We heard O vos omnes of Victoria, then works of Byrd and Schütz, and thus far the deficiencies on the palette did not unduly irk us. But when it came to Bach’s cantata Christus lag in Todesbanden, a deep sense of dissatisfaction began to steal over me, starting in the ankles. The work sounded arid, perfunctory, but admirably drilled. One should not, I suppose, expect a romantic lyricism or dramatic excitement in all music culled from ancient sources. But even in Bach’s day his music must have been performed with some kind of characteristic expressiveness, some human feeling, if not religious fervour—of which one is to-day entitled to expect a counterpart. Of course, a shouting match may well be fervent, but in time it grows monotonous. I cannot think our forefathers were devotees of monotony even if they lacked conventions of dynamic contrast that have in time grown up.

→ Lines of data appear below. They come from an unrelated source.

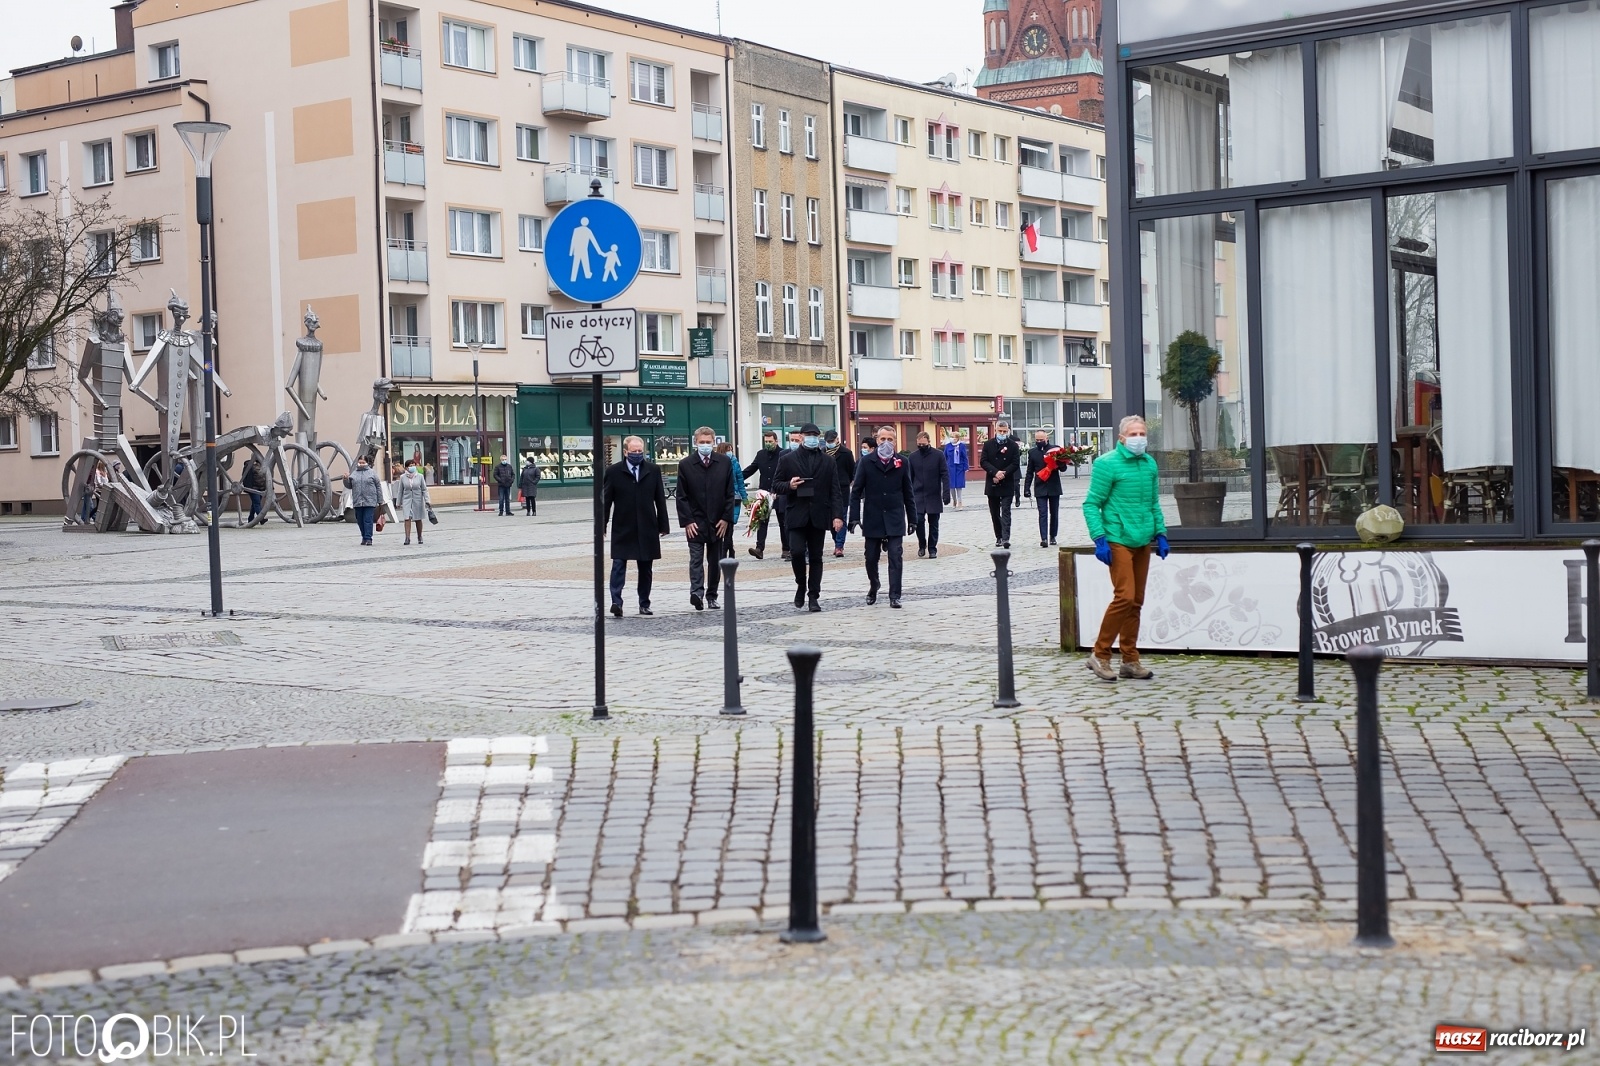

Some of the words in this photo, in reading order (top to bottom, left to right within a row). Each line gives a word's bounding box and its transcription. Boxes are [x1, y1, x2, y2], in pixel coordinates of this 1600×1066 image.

[551, 315, 574, 330] Nie
[580, 314, 633, 331] dotyczy
[393, 398, 477, 426] STELLA
[603, 402, 665, 417] UBILER
[1079, 407, 1097, 420] empik
[1315, 624, 1381, 653] Browar
[1383, 610, 1444, 644] Rynek
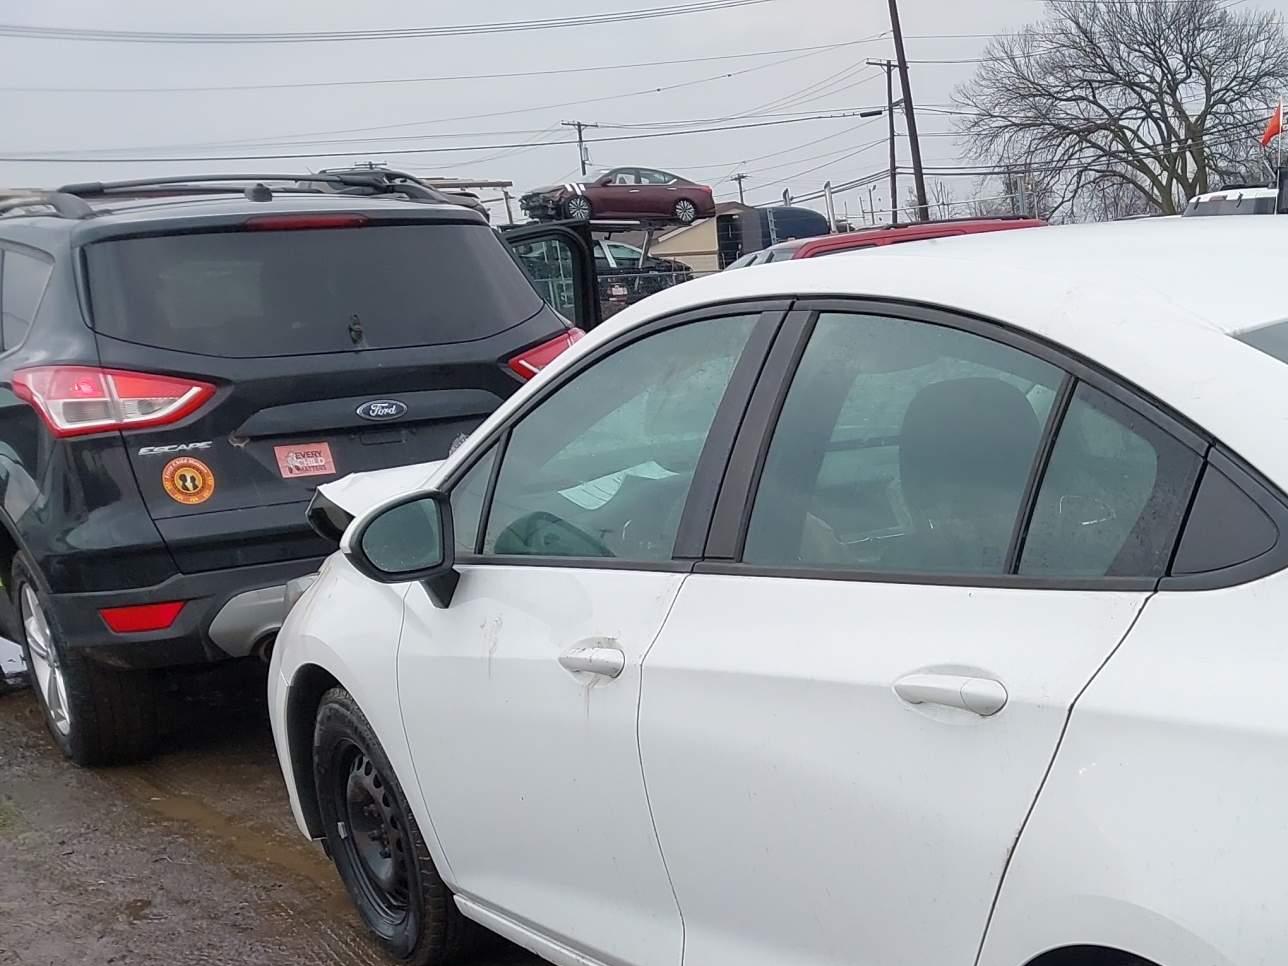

The Army lays down regulations for the performance by its bands of the National Anthem. Each note, each mark of expression is clearly decreed in military law for every instrument. An offender who plays one false diminuendo may be put on a charge and punished with potato-peeling (as to which the regulations are less rigid). But music amongst civilians should not savour of the drill-parade.

Nevertheless, we were prepared for better things in the Schubert Mass. Alas! we were defrauded of this pleasure also. The performers took one deep breath and plunged us into Mozart’s Requiem. It was a long concert, and no Schubert.

There was one relief, the rendering of Samuel Barber’s two prayers of Kierkegaard, from a recent choral work. Though the orchestral score had been reduced to suit the ensemble required by Mozart’s Requiem, this music of Barber’s was by far the most satisfying item in the programme and received by far the most sympathetic performance. I cannot conceive why the whole work was not given. It would have shown that these players and singers for all their discipline and control had not allowed such pedantry to constrict their hearts, that in fact they still could musically care, and make us (which this evening they did not) care as well.